Saí dali direitinha à loja de lingerie, entrei e disse à funcionária: “Olá. Eu sou a dos sutiãs.”. Isto porquê? Porque já entabulara diversas conversações telefónicas acerca daquela peça em particular, cor, tamanho, encomenda, já chegou, vou buscar, eu guardo. A pessoa, extremamente maquilhada (verde na parte não móvel da pálpebra, muito anos ‘70), respondeu-me assim: “Eu não sou daqui, sou de Odivelas.”. Curioso — pensei, pondo a cabecita de lado, como fazem as galinhas quando estão baralhadas (amiúde) — já não é a primeira vez que esta retro me responde isto quando a abordo. Será que diz o mesmo a todas as freguesas? Para a próxima, entro na loja e digo: “Eu não sou de Odivelas, sou daqui.” Só para ver o que é que acontece. 

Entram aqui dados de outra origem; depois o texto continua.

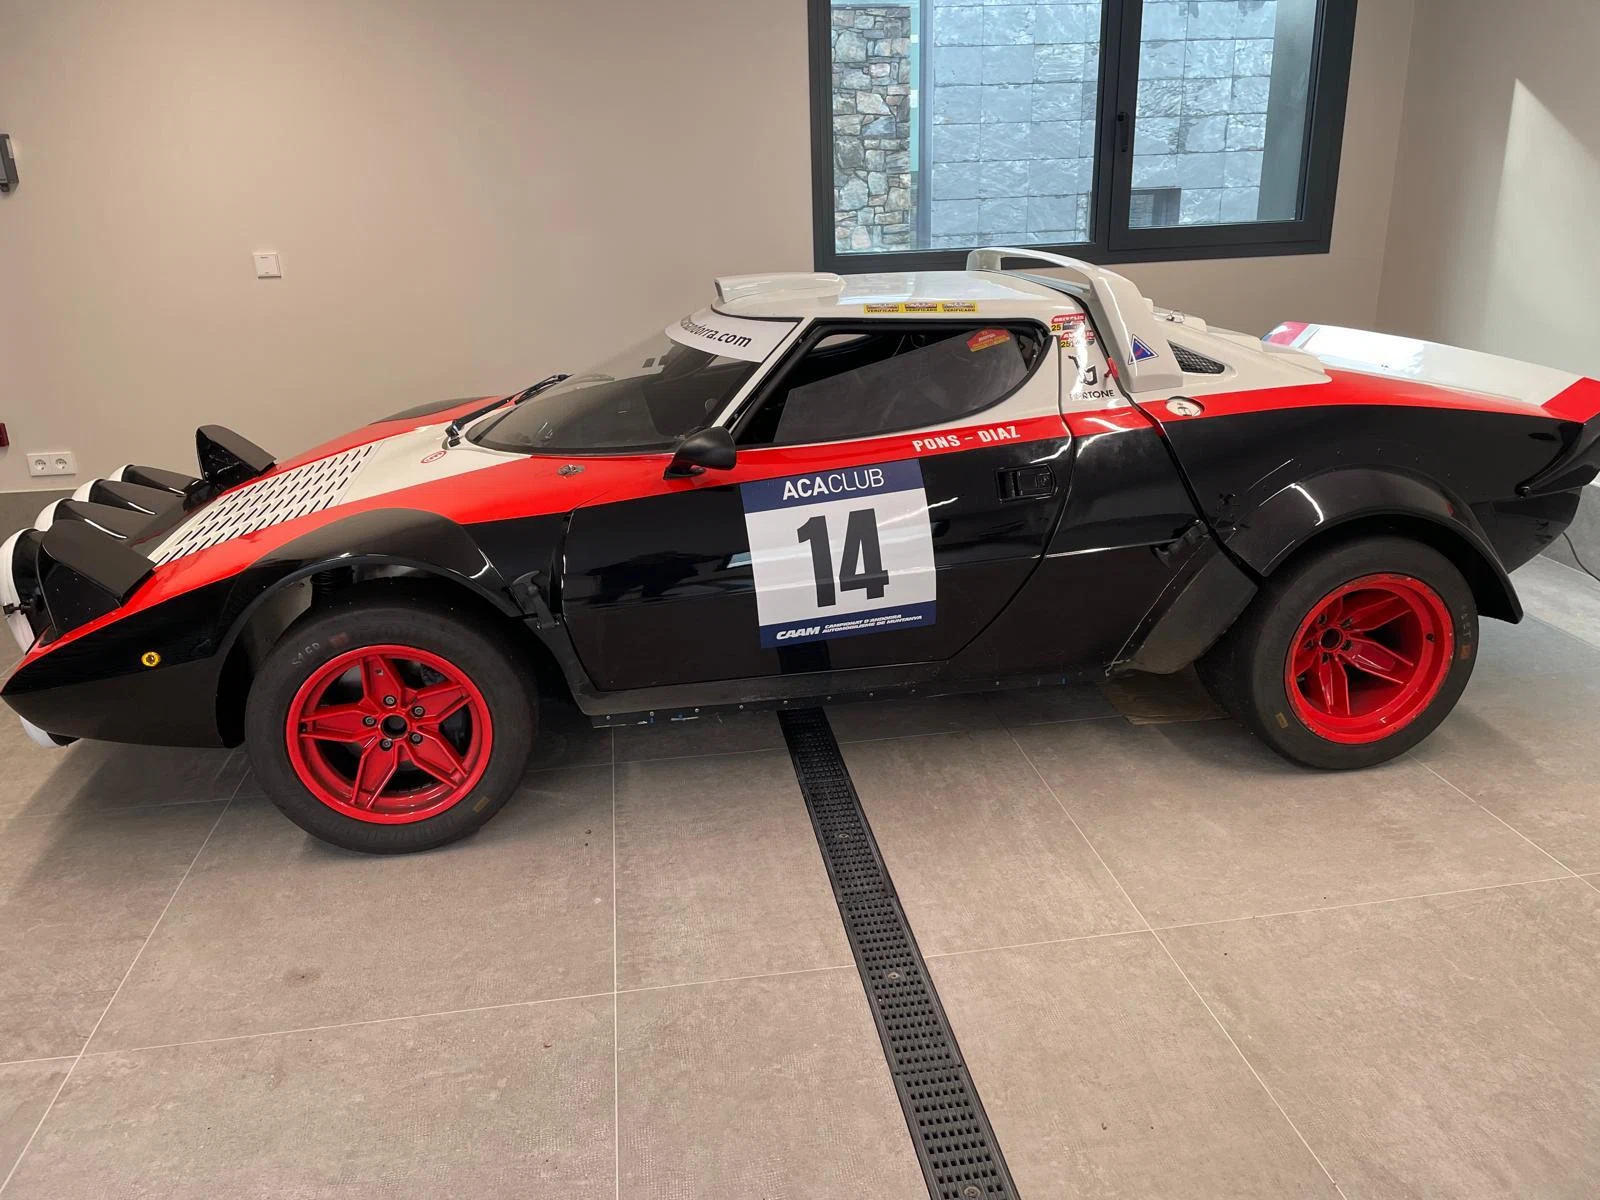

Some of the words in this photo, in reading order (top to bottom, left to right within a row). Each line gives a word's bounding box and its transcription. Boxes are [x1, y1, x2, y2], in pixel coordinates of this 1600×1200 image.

[912, 434, 961, 453] PONS
[977, 425, 1021, 443] DIAZ
[782, 468, 885, 501] ACACLUB
[796, 508, 890, 608] 14
[776, 626, 821, 640] CAAM

Deslindado o imbróglio, chegámos à conclusão que as negociações que eu havia entabulado não haviam sequer tido lugar com alguém daquele espaço comercial, mas sim de um outro, para lá da Estefânia. Tudo culpas do Google, que uma pessoa põe “loja de x no lugar y” e o destravado apresenta-nos o lugar z. Não importa, a verdade é que estava tão empenhada na aquisição que me despedi da de Odivelas e determinei-me a zarpar Rosinha, minha canoa, até para lá da Estefânia. Acerco-me da viatura e deparo-me com um idoso, dentro do carro estacionado ao lado, a ver no telemóvel mulheres sem sutiã. É o mal de darem smartphones àquela faixa etária, coitados. Depois enganam-se e vão parar ao inferno, ou ao céu, ou lá o que é.